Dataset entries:
%%

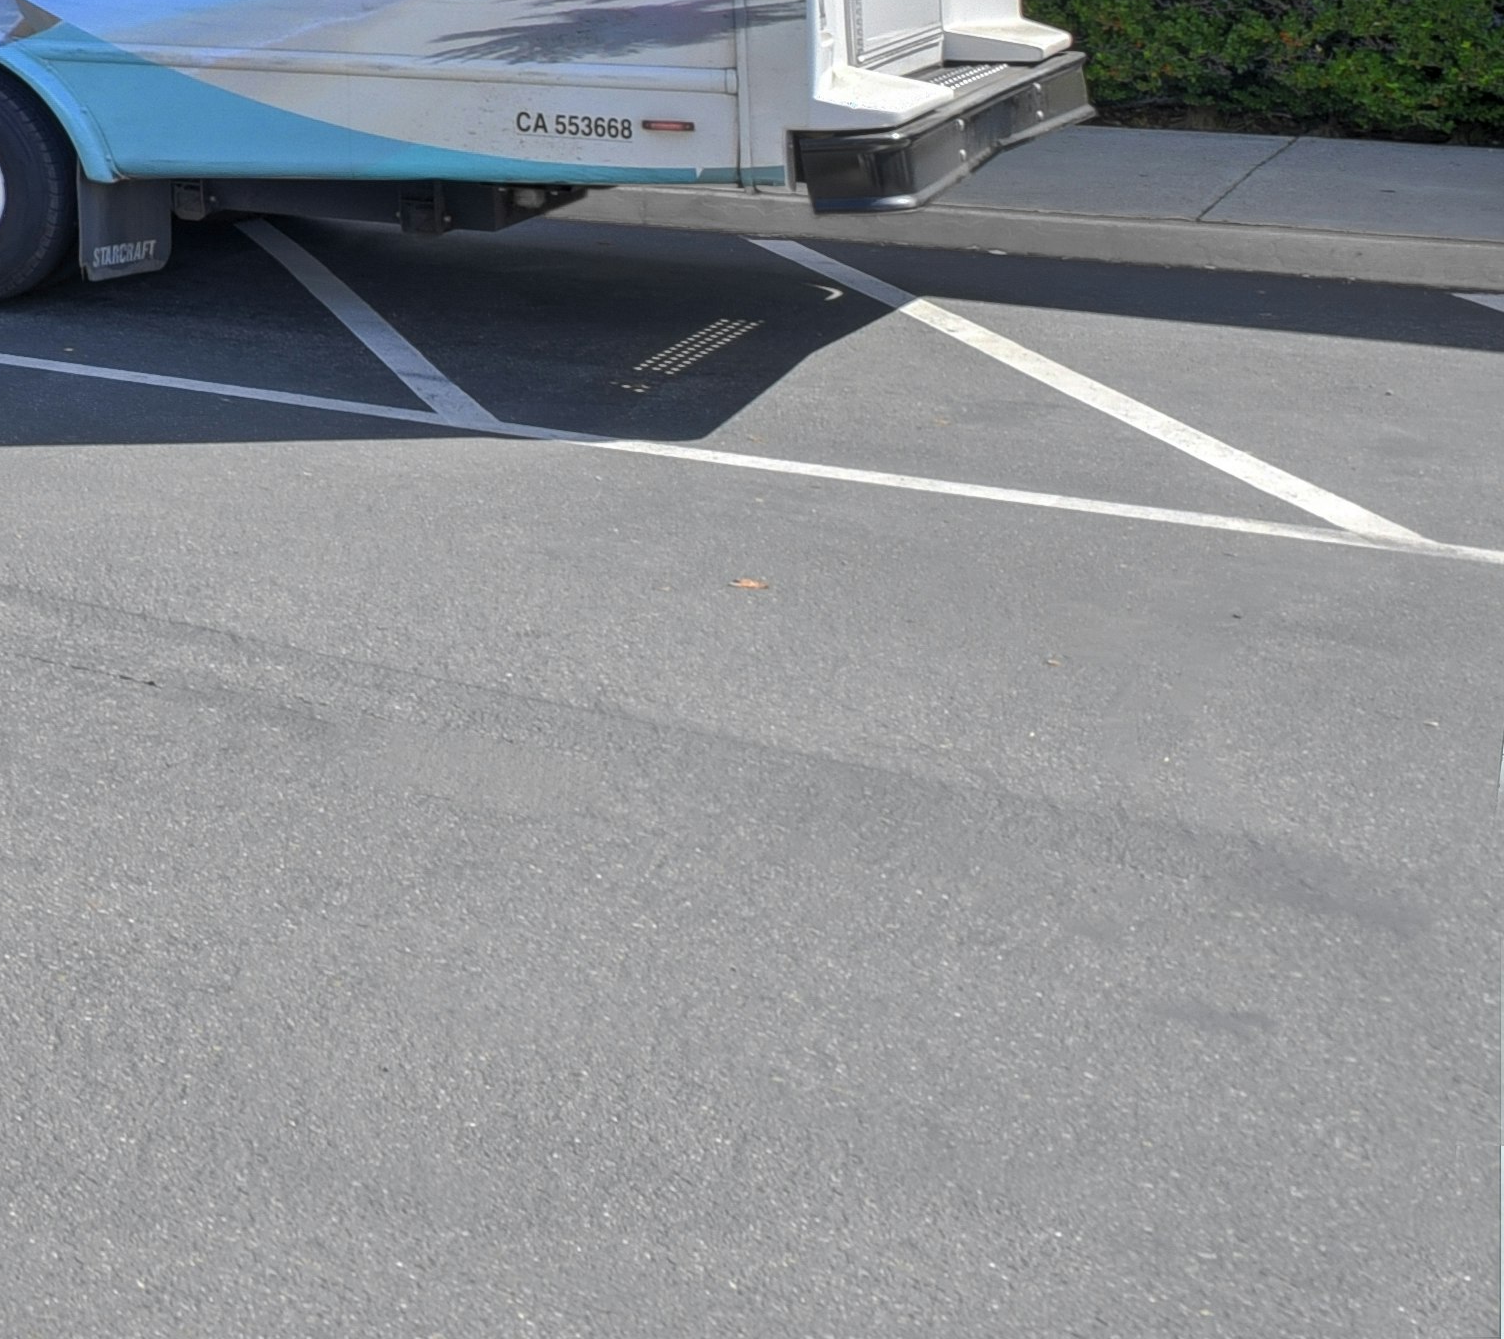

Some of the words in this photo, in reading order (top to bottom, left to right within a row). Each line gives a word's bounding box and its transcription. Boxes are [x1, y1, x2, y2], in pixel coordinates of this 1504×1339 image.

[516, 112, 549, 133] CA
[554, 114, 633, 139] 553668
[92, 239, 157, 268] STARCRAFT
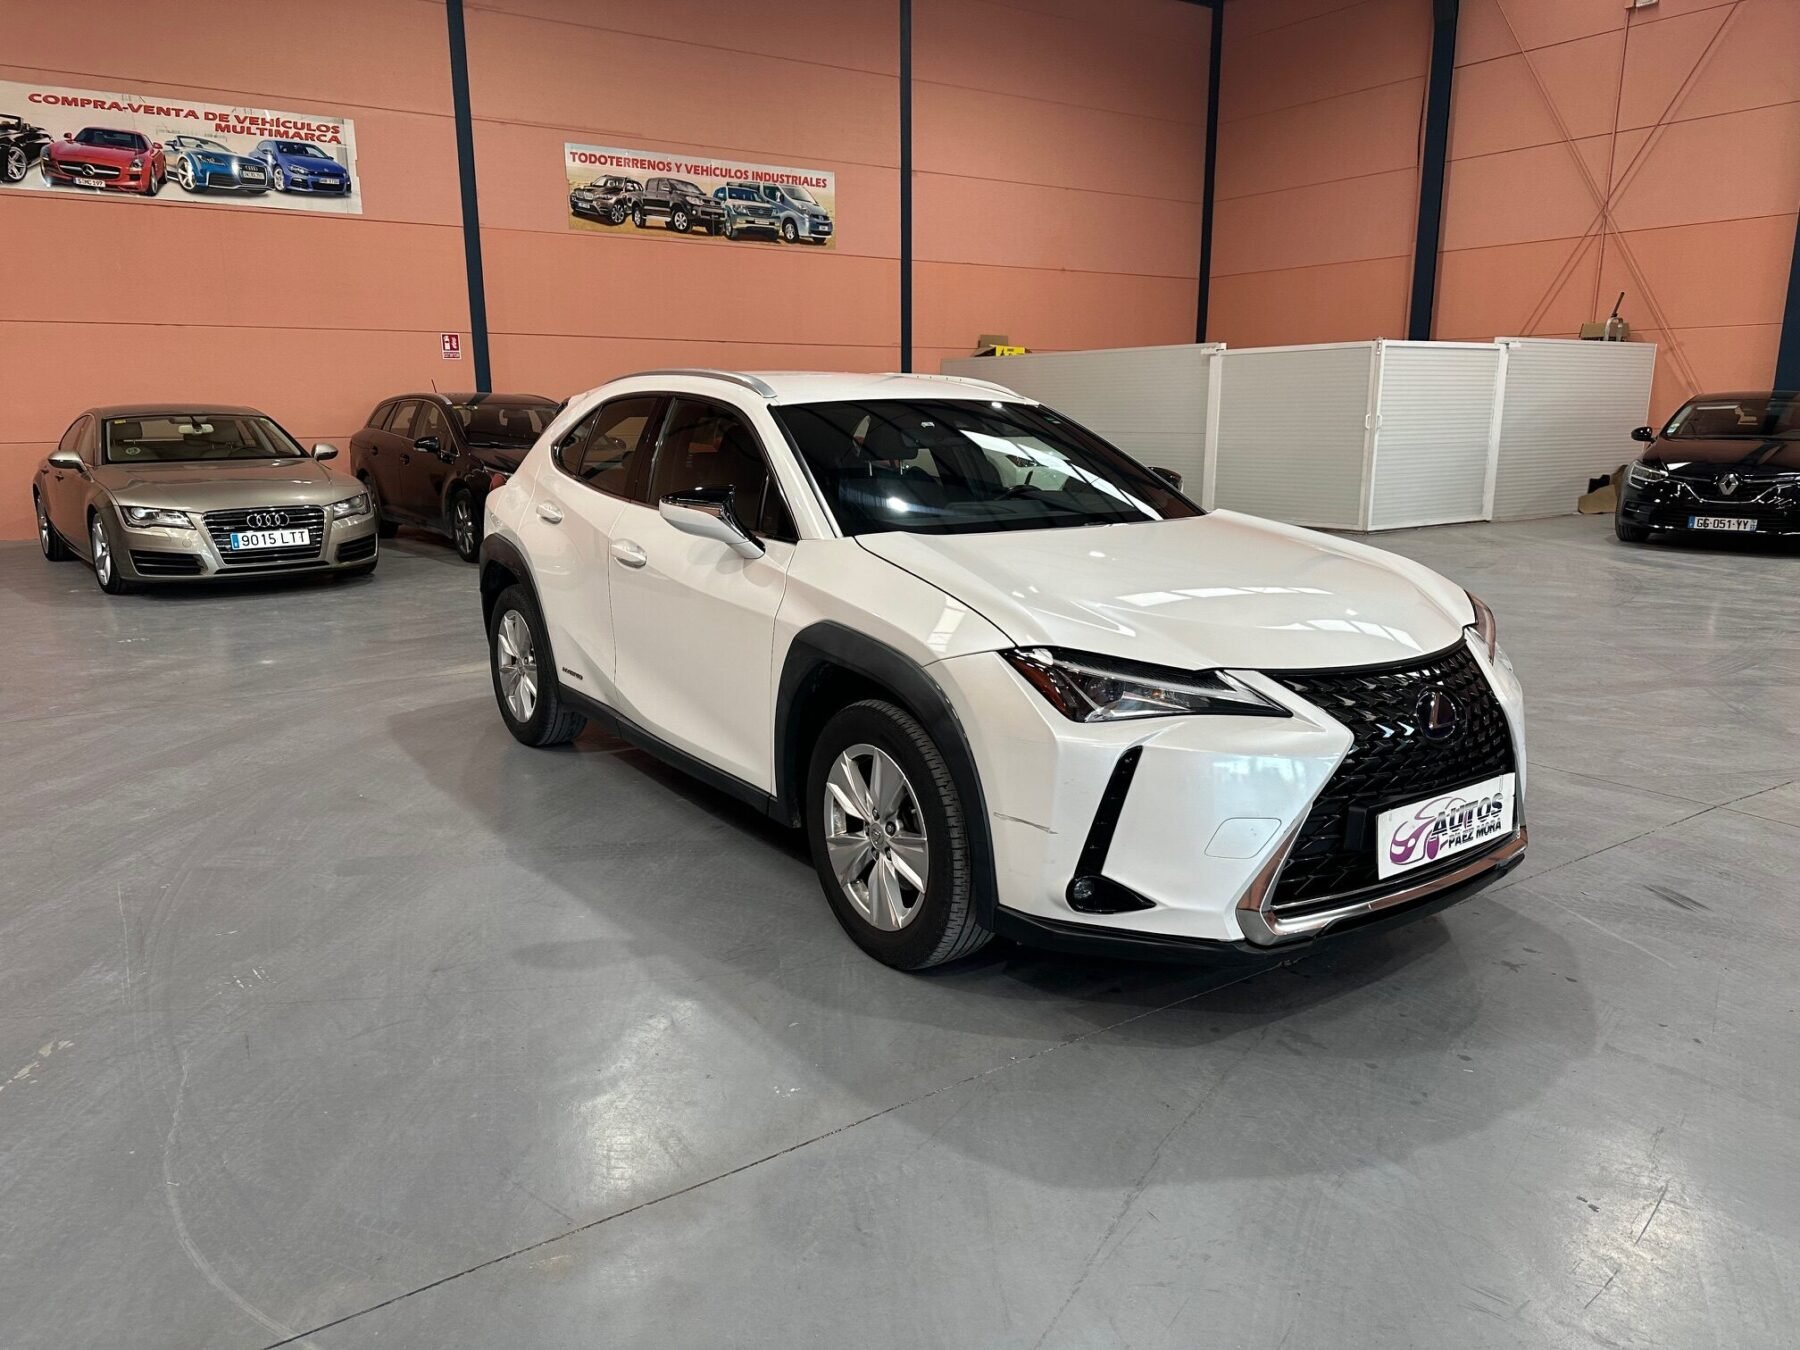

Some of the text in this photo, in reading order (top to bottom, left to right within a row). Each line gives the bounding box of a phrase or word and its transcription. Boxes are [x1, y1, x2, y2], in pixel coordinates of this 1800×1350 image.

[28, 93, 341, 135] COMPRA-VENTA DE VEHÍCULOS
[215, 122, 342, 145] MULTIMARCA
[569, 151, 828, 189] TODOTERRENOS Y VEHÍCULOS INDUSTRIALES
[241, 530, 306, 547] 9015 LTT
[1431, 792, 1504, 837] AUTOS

%%

TASK
A verbatim copy of every record is to be produced, and pictures are to be excluded from it.

OUTPUT OF THE TASK
Some of the words in this photo, in reading order (top to bottom, left to right within a row). Each line gives a word's bounding box and its transcription. Boxes are [x1, y1, x2, y2], in pixel coordinates of this 1504×1339 image.

[516, 112, 549, 133] CA
[554, 114, 633, 139] 553668
[92, 239, 157, 268] STARCRAFT

Some of the text in this photo, in reading order (top to bottom, left to right within a row). Each line gives the bounding box of a phrase or word and its transcription. Boxes are [x1, y1, x2, y2], in pixel coordinates of this 1800×1350 image.

[28, 93, 341, 135] COMPRA-VENTA DE VEHÍCULOS
[215, 122, 342, 145] MULTIMARCA
[569, 151, 828, 189] TODOTERRENOS Y VEHÍCULOS INDUSTRIALES
[241, 530, 306, 547] 9015 LTT
[1431, 792, 1504, 837] AUTOS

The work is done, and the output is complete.